The process of redesigning the score bug started almost immediately after Super Bowl LV last spring. LaPlante and his art director zagged against the typical long, skinny bar at the bottom of the screen, opting for a layout that would include quickly digestible information.

The team asked itself questions like, “How can we push the score bug’s ability to tell the story of the game?” Then they collectively redesigned the score bug from the ground up. The sleek final design has functionalities for not only the Super Bowl, but also the upcoming season of “Sunday Night Football.”

“It doesn’t really hit you when you’re going through the design process … that our work will be seen by that amount of people, and I don’t think it has truly set in yet. It’s an experience that I’ll never forget,” LaPlante said.

LaPlante said the biggest challenge was getting buy-in from the program’s producers and executives, since the graphic elements play such a significant role in the broadcast.

The entire design process at NBC got shifted around many times due to the 2020 Tokyo Olympic Games and 2022 Beijing Olympics requiring work during the same time frame. The hectic year for NBC Sports Group, LaPlante and his team has finally come to an end, at least for a couple months.

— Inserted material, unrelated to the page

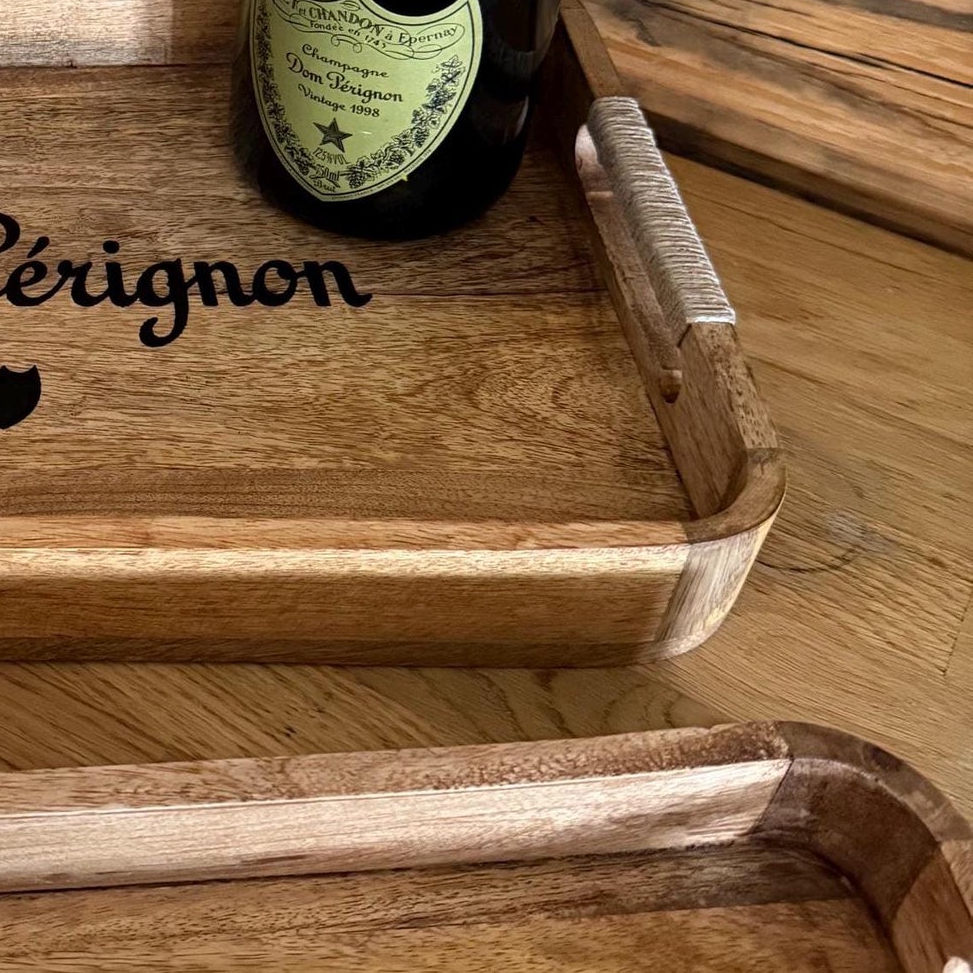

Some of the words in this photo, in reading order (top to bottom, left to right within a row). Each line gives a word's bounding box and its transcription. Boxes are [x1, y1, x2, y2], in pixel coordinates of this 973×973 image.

LaPlante and his team now have the sizable task of transitioning the art and motion theory to fit the “Sunday Night Football” narrative. The new Super Bowl graphics packages have a long life ahead of them, and are expected to run on the next three seasons of “Sunday Night Football.”

Emmanuel Morgan ’19, who has worked with The New York Times since spring 2021, also attended Super Bowl LVI. Photo courtesy of Morgan

In nearly five years with NBC, the Elon alumnus has designed for two Olympics, a World Cup and now a Super Bowl, among other sports. With a moment to reflect, LaPlante said he views his time at Elon as influential in his success with NBC and his work preparing for this year’s Super Bowl.

“I’m incredibly thankful and appreciative of everything Elon offered over my four years there – and I can’t wait to see what current and future students will create and discover going forward,” LaPlante said.

LaPlante wasn’t the only Elon connection to Super Bowl LVI. Among the alumni working the event were Emmanuel Morgan ’19, a sports reporter for The New York Times, and Colton Cadarette, a VIP operations and event manager with Dapper Labs and a former operations coordinator with the NFL. Morgan published several bylines at the game, including “The Bengals fall short of a fairy tale ending, but still impress.

Additionally, Reagan Palombo ’24, a sport management major, attended the game as part of her internship with the Los Angeles Rams. Palombo worked with the NFL organization throughout the fall and the 2021 season.